# tensor transformations

The present entry employs the terminology and notation defined and described in the entry on tensor arrays and basic tensors. To keep things reasonably self contained we mention that the symbol $\mathrm{T}^{p,q}$ refers to the vector space  of type $(p,q)$ tensor arrays, i.e. maps

 $I^{p}\times I^{q}\rightarrow\mathbb{K},$

where $I$ is some finite list of index labels, and where $\mathbb{K}$ is a field. The symbols $\varepsilon_{(i)},\varepsilon^{(i)},\;i\in I$ refer to the column and row vectors  giving the natural basis of $\mathrm{T}^{1,0}$ and $\mathrm{T}^{0,1}$, respectively.

Let $I$ and $J$ be two finite lists of equal cardinality, and let

 $T:\mathbb{K}^{I}\rightarrow\mathbb{K}^{J}$
 $M:J\times I\rightarrow\mathbb{K}$

with entries given by

 $M^{j}_{\!\hphantom{j}i}=\left(T\varepsilon_{(i)}\right)^{j},\quad i\in I,\;j% \in J.$

In other words, the action of $T$ is described by the following substitutions

 $\varepsilon_{(i)}\mapsto\sum_{j\in J}M^{j}_{\!\hphantom{j}i}\,\varepsilon_{(j)% },\quad i\in I.$ (1)

Equivalently, the action of $T$ is given by matrix-multiplication of column vectors in $\mathbb{K}^{I}$ by $M$.

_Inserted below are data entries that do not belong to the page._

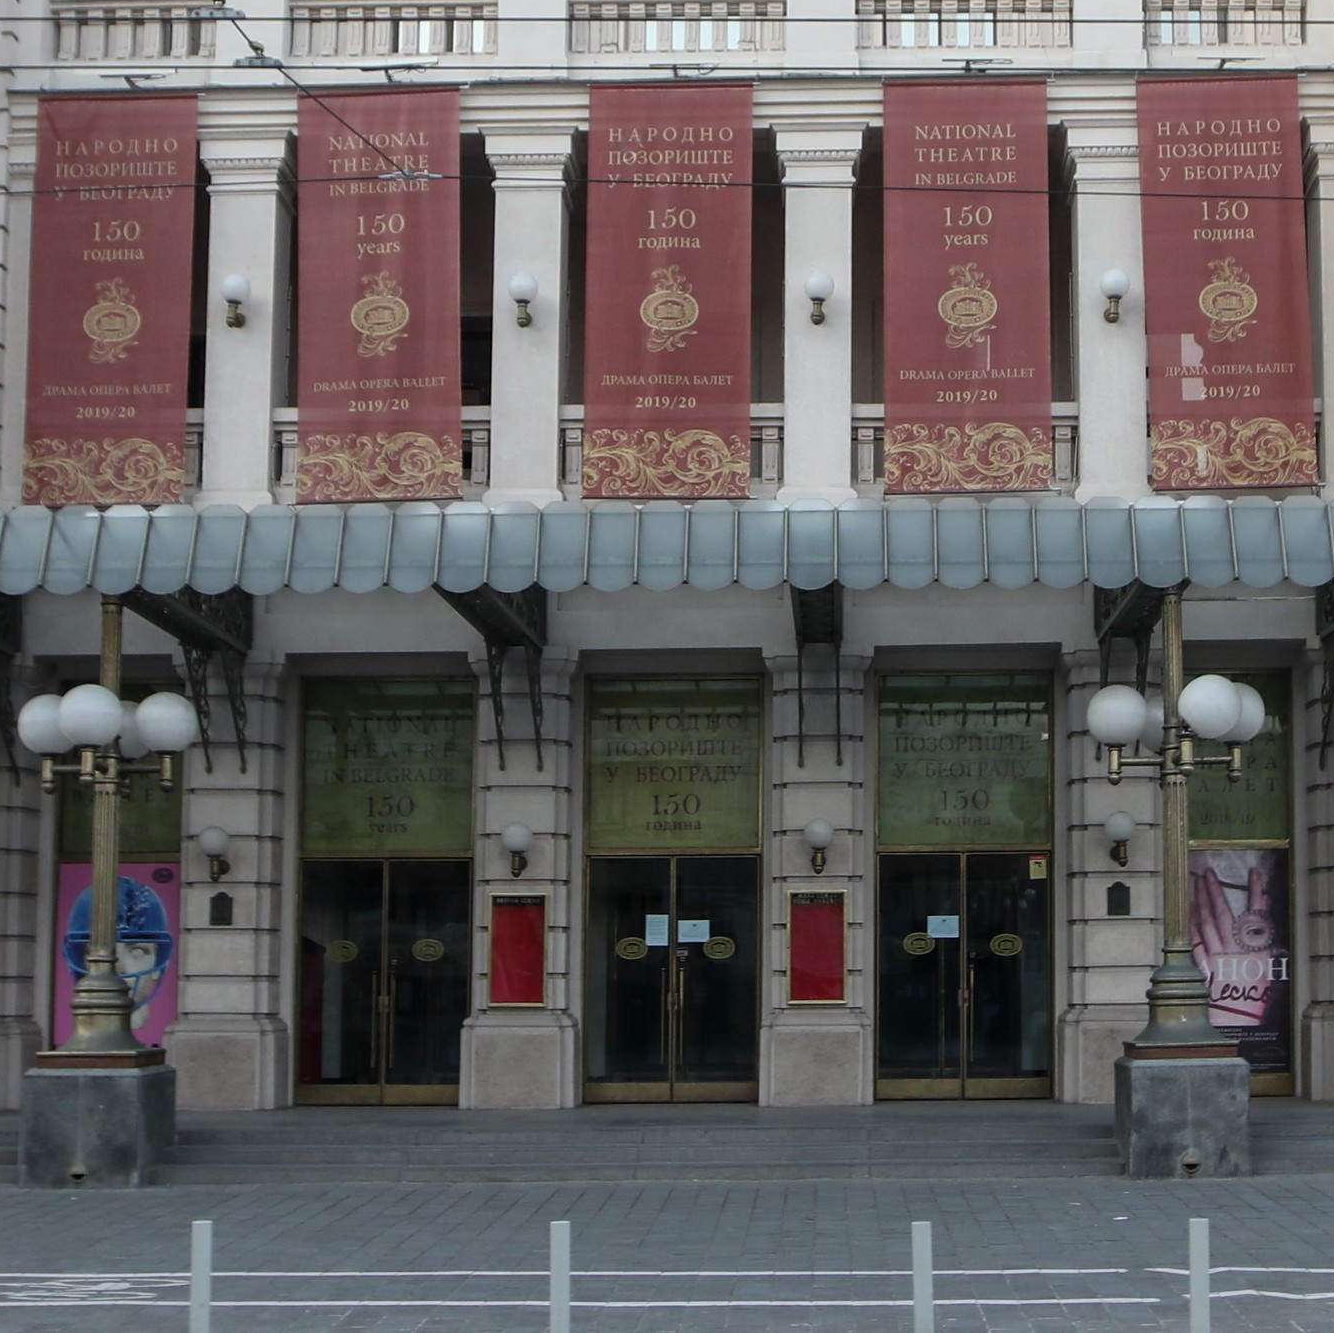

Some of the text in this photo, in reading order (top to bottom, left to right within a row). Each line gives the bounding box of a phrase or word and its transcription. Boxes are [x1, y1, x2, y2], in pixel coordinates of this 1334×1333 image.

[608, 127, 733, 143] НАРОДНО
[915, 124, 1016, 139] NATIONAL
[1157, 118, 1281, 136] НАРОДНО
[56, 138, 178, 156] НАРОДНО
[329, 132, 429, 151] NATIONAL
[1158, 141, 1282, 159] ПОЗОРИШТЕ
[608, 150, 733, 165] ПОЗОРИШТЕ
[914, 146, 1016, 163] THEATRE
[55, 161, 177, 178] ПОЗОРИШТЕ
[329, 154, 429, 173] THEATRE
[1158, 163, 1283, 181] У БЕОГРАДУ
[608, 173, 733, 190] У БЕОГРАДУ
[915, 171, 1017, 185] IN BELGRADE
[55, 184, 177, 201] У БЕОГРАДУ
[329, 180, 429, 196] IN BELGRADE
[648, 207, 696, 230] 150
[943, 205, 993, 227] 150
[1201, 200, 1249, 221] 150
[93, 220, 140, 242] 150
[357, 213, 405, 235] 150
[638, 236, 700, 250] година
[944, 233, 988, 250] years
[1193, 227, 1255, 242] година
[83, 248, 144, 262] година
[357, 241, 401, 259] years
[900, 368, 1035, 380] DRAMA OPERA BALLET
[1165, 363, 1296, 377] ДРАМА ОПЕРА БАЛЕТ
[313, 376, 446, 392] DRAMA OPERA BALLET
[601, 375, 734, 386] ДРАМА ОПЕРА БАЛЕТ
[42, 383, 172, 396] ДРАМА ОПЕРА БАЛЕТ
[936, 390, 998, 403] 2019/20
[1200, 385, 1261, 398] 2019/20
[348, 398, 409, 412] 2019/20
[635, 396, 697, 410] 2019/20
[76, 406, 135, 419] 2019/20
[606, 714, 742, 731] НАРОДНО
[607, 740, 741, 757] ПОЗОРИШТЕ
[895, 735, 1031, 752] ПОЗОРИШТЕ
[324, 767, 455, 784] IN BELGRADE
[606, 766, 742, 784] У БЕОГРАДУ
[1198, 777, 1278, 793] АЛЕТ
[367, 793, 415, 818] 150
[652, 793, 700, 815] 150
[940, 788, 990, 811] 150
[369, 822, 408, 837] years
[646, 820, 701, 831] година
[1199, 957, 1289, 982] АНОН

The corresponding substitutions relations    for the type $(0,1)$ tensors involve the inverse matrix $M^{-1}:I\times J\rightarrow\mathbb{K},$ and take the form

 $\varepsilon^{(i)}\mapsto\sum_{j\in J}\left(M^{-1}\right)^{i}_{\!\hphantom{i}j}% \,\varepsilon^{(j)},\quad i\in I.$ (2)

The rules for type $(0,1)$ substitutions are what they are, because of the requirement that the $\varepsilon_{(i)}$ and $\varepsilon^{(i)}$ remain dual bases even after the substitution. In other words we want the substitutions to preserve the relations

 $\varepsilon^{(i_{1})}\varepsilon_{(i_{2})}=\delta^{\,i_{1}}_{\;i_{2}},\quad i_% {1},i_{2}\in I,$

where the left-hand side of the above equation features the inner product and the right-hand side the Kronecker delta. Given that the vector basis transforms as in (1) and given the above constraint, the substitution rules for the linear form  basis, shown in (2), are the only such possible.

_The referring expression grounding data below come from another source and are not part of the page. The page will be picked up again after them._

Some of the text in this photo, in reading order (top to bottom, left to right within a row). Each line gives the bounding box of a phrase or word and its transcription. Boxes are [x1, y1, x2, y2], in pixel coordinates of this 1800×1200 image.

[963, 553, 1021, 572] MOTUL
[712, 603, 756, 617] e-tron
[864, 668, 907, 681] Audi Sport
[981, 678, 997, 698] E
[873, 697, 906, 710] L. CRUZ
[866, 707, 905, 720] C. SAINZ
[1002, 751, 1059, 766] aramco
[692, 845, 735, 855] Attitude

The classical terminology of contravariant and covariant indices is motivated by thinking in term of substitutions. Thus, suppose we perform a linear substitution and change a vector, i.e. a type $(1,0)$ tensor, $X\in\mathbb{K}^{I}$ into a vector $Y\in\mathbb{K}^{J}$. The indexed values of the former and of the latter are related by

 $Y^{j}=\sum_{i\in I}M^{j}_{\!\hphantom{j}i}\,X^{i},\quad j\in J.$ (3)

Thus, we see that the “transformation rule” for indices is contravariant to the substitution rule (1) for basis vectors.

In modern terms, this contravariance is best described by saying that the dual space  space construction is a contravariant functor  22See the entry on the dual homomorphism.. In other words, the substitution rule for the linear forms, i.e. the type $(0,1)$ tensors, is contravariant to the substitution rule for vectors:

 $\varepsilon^{(j)}\mapsto\sum_{i\in I}M^{j}_{\!\hphantom{j}i}\,\varepsilon^{(i)% },\quad j\in J,$ (4)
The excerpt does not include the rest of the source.